Friday, September 1, 2017

Baby, What a Big Surprise









It's Friday morning, and we're sitting in our hotel trying to sort through what's happened this week. It all started on Monday morning, when we walked into the government office that handles adoptions here. This is where we would see Mary's file for the first time, and request a referral to meet her.

The first thing we learned was that Mary wasn't where we thought she was. We hoped and believed she was still at her baby house; but alas, she has already been transferred. Her new home is a special needs institute for boys and girls aged 4 - 18. Some are only mildly disabled, others profoundly so. Most of them spent the summer at "camp"-- a nice word for a not-so-nice place where the children go so the institute staff can have a holiday. Mary and some other little ones were to be summoned back from camp a few days early, so we could meet her. The rest of the children would come back for the first day of school, September 1st.
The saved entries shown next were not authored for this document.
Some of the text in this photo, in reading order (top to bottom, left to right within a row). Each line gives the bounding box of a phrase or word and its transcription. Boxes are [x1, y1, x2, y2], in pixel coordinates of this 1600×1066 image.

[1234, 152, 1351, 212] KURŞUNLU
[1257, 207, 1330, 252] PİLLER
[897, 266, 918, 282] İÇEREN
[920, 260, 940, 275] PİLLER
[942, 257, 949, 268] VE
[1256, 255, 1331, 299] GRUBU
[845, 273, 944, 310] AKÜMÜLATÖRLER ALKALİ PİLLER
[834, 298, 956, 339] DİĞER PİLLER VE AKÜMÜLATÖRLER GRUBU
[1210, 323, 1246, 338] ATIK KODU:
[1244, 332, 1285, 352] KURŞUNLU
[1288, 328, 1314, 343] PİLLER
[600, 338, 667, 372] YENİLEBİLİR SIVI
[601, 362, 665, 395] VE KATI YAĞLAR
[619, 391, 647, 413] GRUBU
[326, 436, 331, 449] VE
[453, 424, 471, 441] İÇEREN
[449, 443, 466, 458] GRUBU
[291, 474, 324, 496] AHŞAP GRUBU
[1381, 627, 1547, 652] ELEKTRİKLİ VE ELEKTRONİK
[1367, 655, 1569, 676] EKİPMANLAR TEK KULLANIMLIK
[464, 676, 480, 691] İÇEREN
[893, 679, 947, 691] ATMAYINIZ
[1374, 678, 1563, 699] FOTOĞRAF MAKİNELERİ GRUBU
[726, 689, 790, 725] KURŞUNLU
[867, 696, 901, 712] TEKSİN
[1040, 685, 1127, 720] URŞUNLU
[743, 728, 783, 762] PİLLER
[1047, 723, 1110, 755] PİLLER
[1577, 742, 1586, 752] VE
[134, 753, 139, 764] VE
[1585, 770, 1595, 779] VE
The next thing we learned set our hearts spinning. While sifting through the foreign conversation in the office, we heard the dreaded word "brat"-- brother. Unknown to anyone before now, Mary had a brother-- which meant that we might lose her. If the brother was available for adoption, then we might have two choices: take both, or take neither. They would not split up brother and sister for foreigners, even if the siblings had never met.

The next while was a bit tense, to say the least. Our lawyer hustled us out of the office so that the officer could investigate the brother's situation. Our facilitation team also investigated, calling its contacts in Mary's region. We had minutes to decide what we would do if the brother was available. How could we take both, when we didn't have a bedroom for a boy?
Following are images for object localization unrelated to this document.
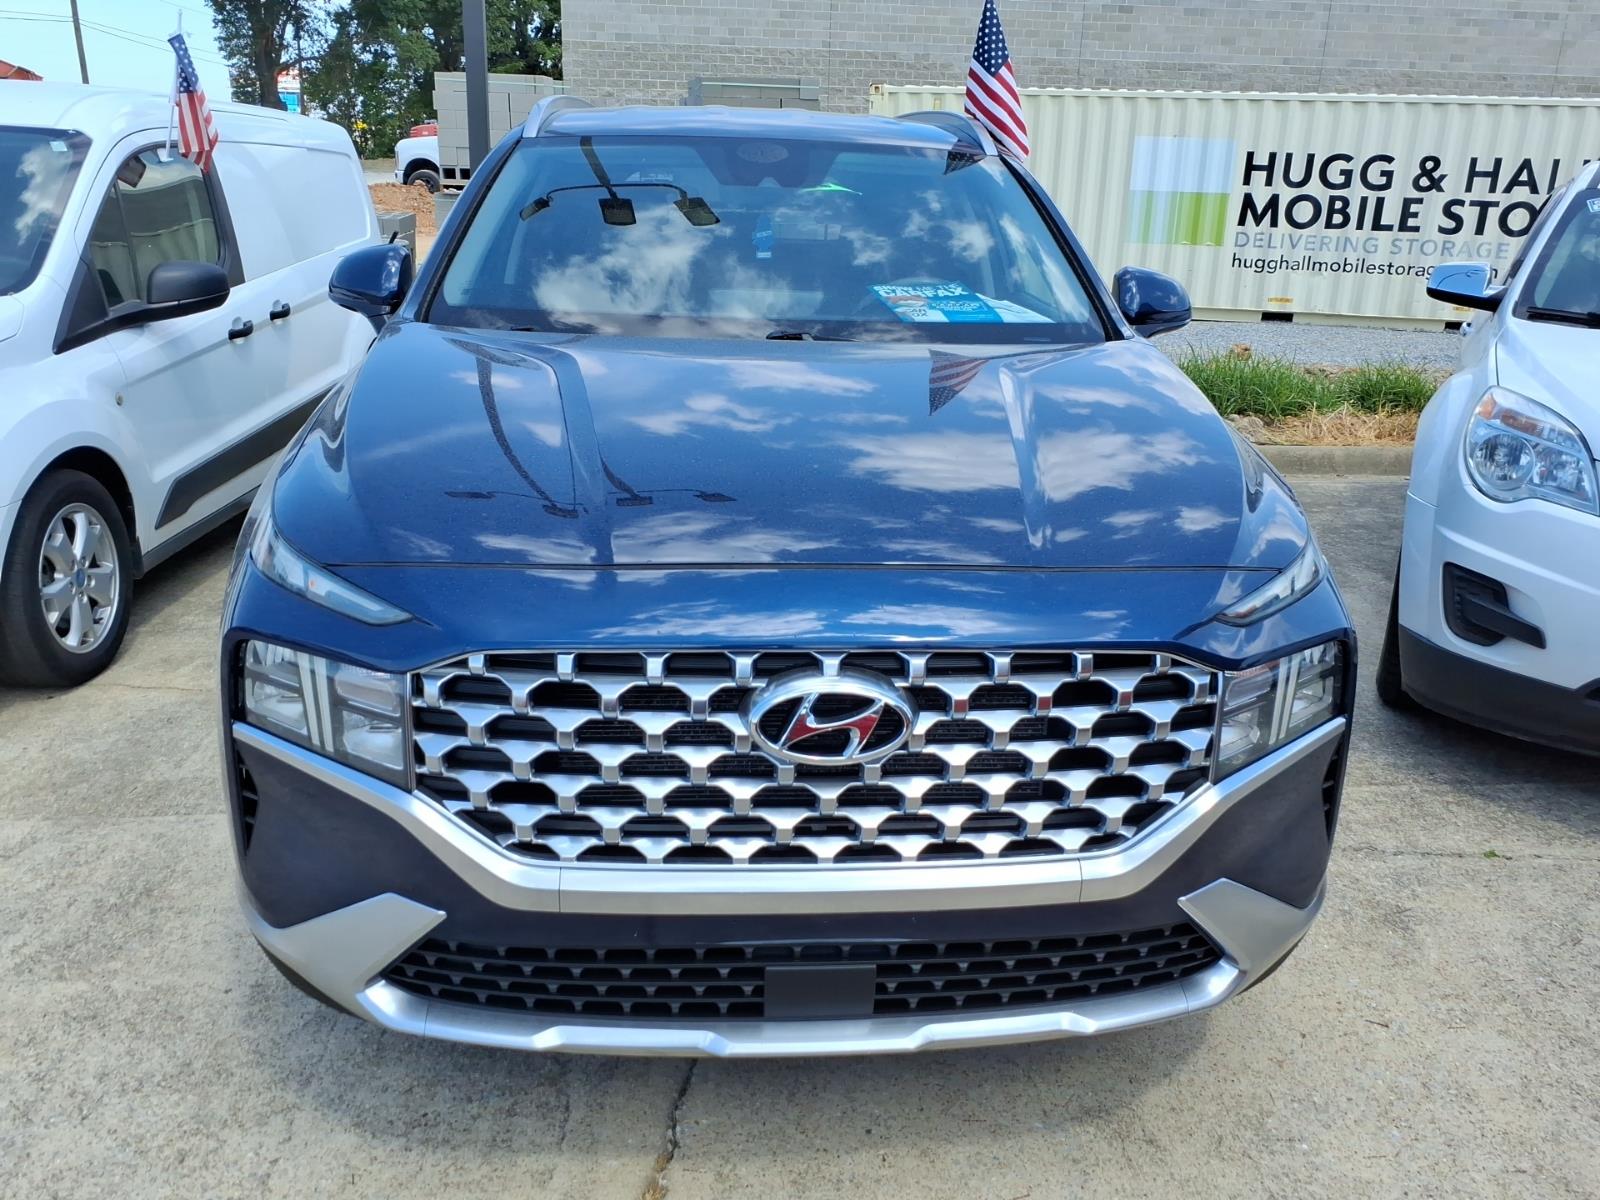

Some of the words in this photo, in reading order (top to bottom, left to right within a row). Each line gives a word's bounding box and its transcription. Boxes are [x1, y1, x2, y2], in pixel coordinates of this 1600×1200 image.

[1242, 150, 1396, 192] HUGG
[1411, 154, 1449, 194] &
[1464, 156, 1591, 196] HAL
[1236, 192, 1425, 233] MOBILE
[1234, 231, 1380, 255] DELIVERING
[1390, 238, 1510, 261] STORAGE
[878, 287, 969, 298] CARFAX
Imagine our relief when we got the news: the brother had already been adopted. They are happy to split siblings for natives, just not for foreigners. We went back into the meeting thinking, "Problem solved"-- only to learn that Mary had another brother!

The good news was that this second brother didn't seem to be "in the system," which meant that he probably wasn't available for adoption. Our facilitators seemed satisfied with this; but it was cold comfort to us. We left our appointment not knowing for sure if we would ever meet Mary.
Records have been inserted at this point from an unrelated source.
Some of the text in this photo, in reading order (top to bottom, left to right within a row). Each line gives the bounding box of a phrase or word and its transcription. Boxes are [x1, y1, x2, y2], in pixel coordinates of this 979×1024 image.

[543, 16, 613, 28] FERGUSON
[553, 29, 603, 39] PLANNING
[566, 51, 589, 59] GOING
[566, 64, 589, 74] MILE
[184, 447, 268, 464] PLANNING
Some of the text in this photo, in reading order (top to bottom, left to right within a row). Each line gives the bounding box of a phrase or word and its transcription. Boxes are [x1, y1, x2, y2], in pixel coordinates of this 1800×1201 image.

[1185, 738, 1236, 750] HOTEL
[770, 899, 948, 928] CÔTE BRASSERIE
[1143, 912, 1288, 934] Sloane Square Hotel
We spent the next 28 hours in a fog of the unknown. It was a time of praying and wondering. We had no news until Tuesday afternoon, when we went back to pick up the referral.

It was then that we heard, through unofficial office gossip, that the second brother had not been found in the system. We would hear no more until we reached the institute; for only the director there had Mary's full file. The files in the capital hold only bits and pieces, many of them wrong. It is a sad, broken system, and we were feeling its brokenness as we left with Mary's referral.

We headed out to region early Wednesday morning. A two-hour drive brought us to the director's office, where we finally got the straight dope. Mary's brothers were both younger than she, and came from a different father. The younger was adopted, and the older was with his father. So that issue was finally put to rest, 48 hours after we learned of it. It was the biggest relief of the day.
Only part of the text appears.